I placed the pieces edge to edge upon the table. The old familiar words looked up at me again, solemnly. Again I felt my heart choke my throat as I read: "I, John Cowles—I, Ellen Meriwether—take thee—take thee—until death do us part."
I handed her a pencil. She wrote slowly, freakishly, having her maiden will; and it seemed to me still a week to a letter as she signed. But at last her name stood in full—E-l-l-e-n M-e-r-i-w-e-t-h-e-r.
"General," I said, "this indenture witnesseth! We two are bound by it. We have 'consented together in holy wedlock.' We have 'witnessed the same before God.' We have 'pledged our faith, either to other.'"
He dashed his hand across his eyes; then, with a swift motion, he placed our hands together. "My boy," said he, "I've always wanted my girl to be taken by an Army man—an officer and a gentleman. Damn it, sir! I beg your pardon, Ellen—give me that pencil. I'll sign my own name—I'll witness this myself! There's a regimental chaplain with our command—if we can't find a preacher left in Charlottesville."
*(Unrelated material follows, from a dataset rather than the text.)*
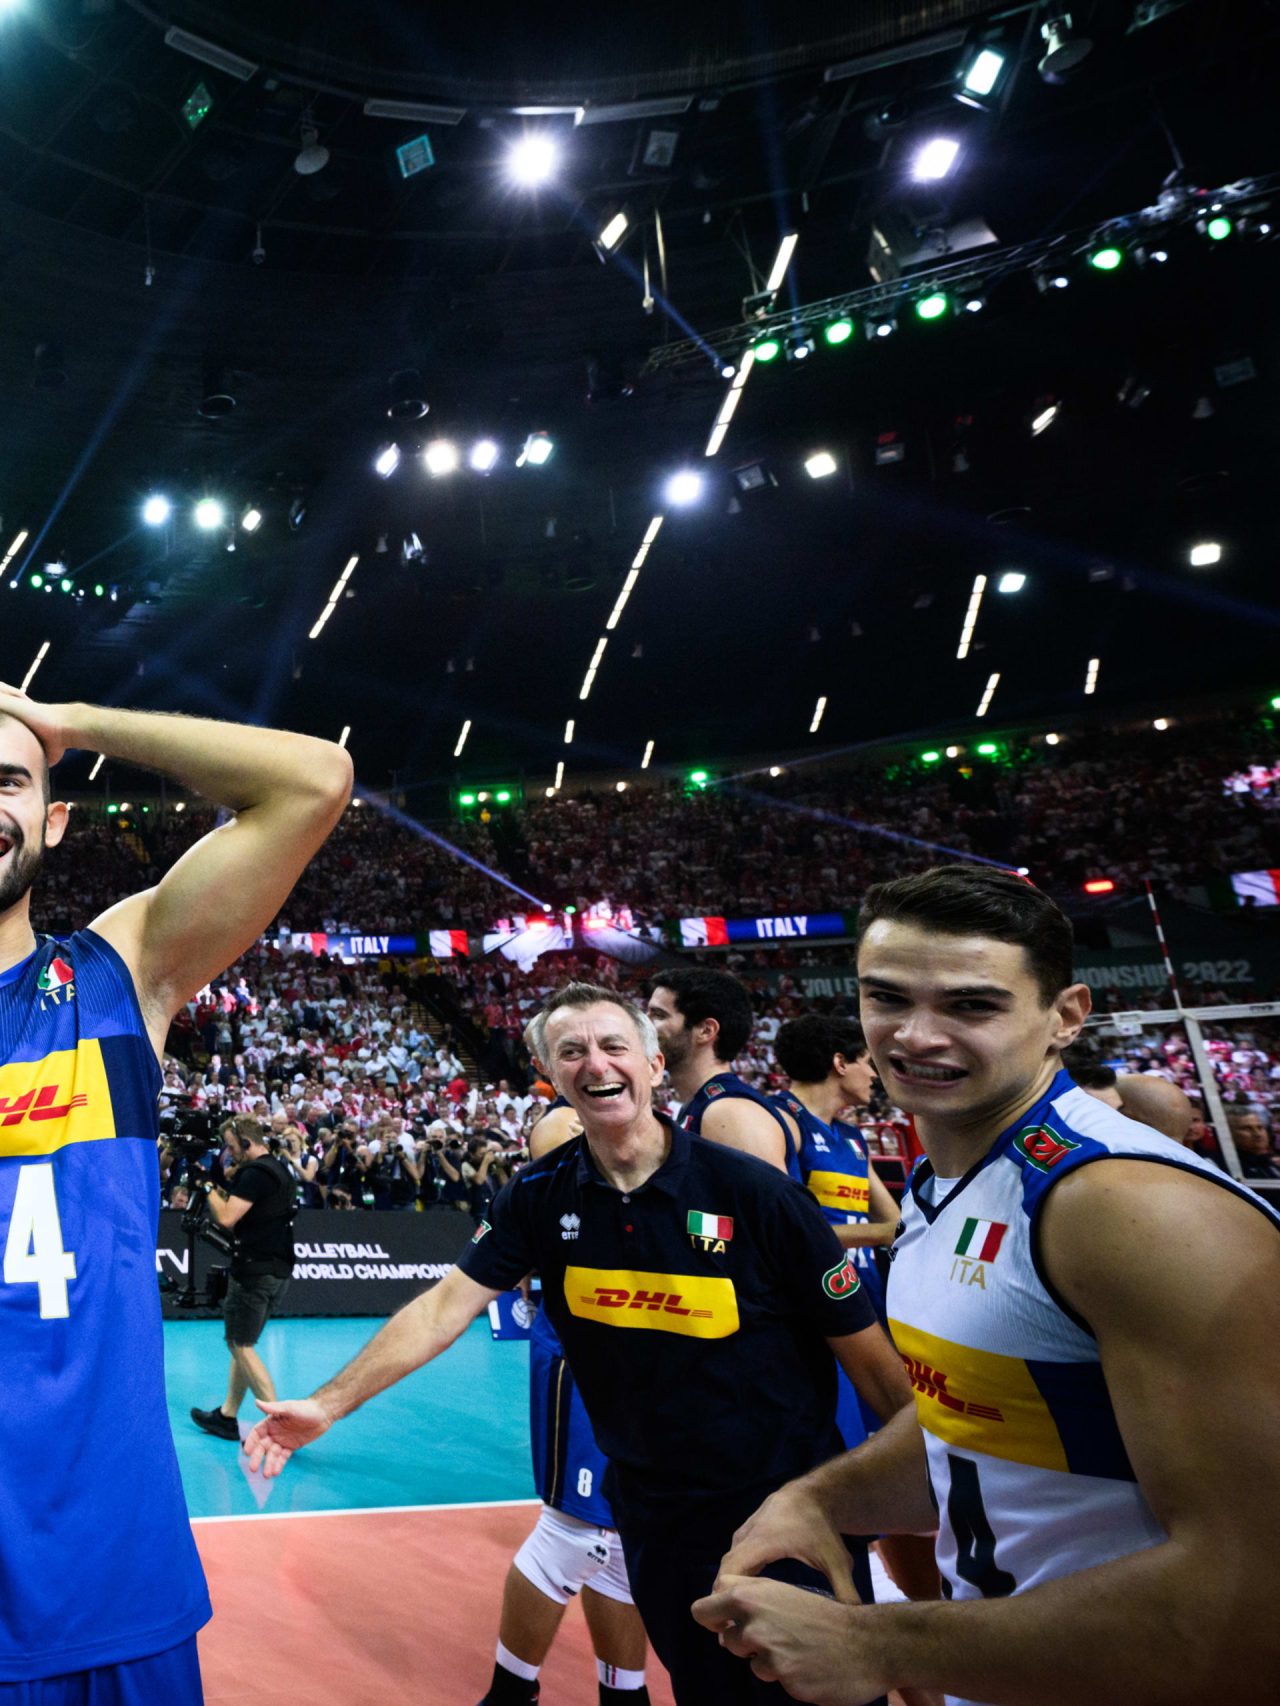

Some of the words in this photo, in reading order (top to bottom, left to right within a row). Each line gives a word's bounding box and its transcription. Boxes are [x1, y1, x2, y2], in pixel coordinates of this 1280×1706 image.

"Orderly!" I called, with a gesture asking permission of my superior.
"Yes, orderly," he finished for me, "get ready to ride to town. We have an errand there." He turned to us and motioned us as though to ownership, bowing with grave courtesy as he himself left the room. I heard the chatter of Mrs. Kitty greet him. I was conscious of a grinning black face peering in at a window—Annie, perhaps. They all loved Ellen.
But Ellen and I, as though by instinct, stepped toward the open door, so that we might again see the mountain tops.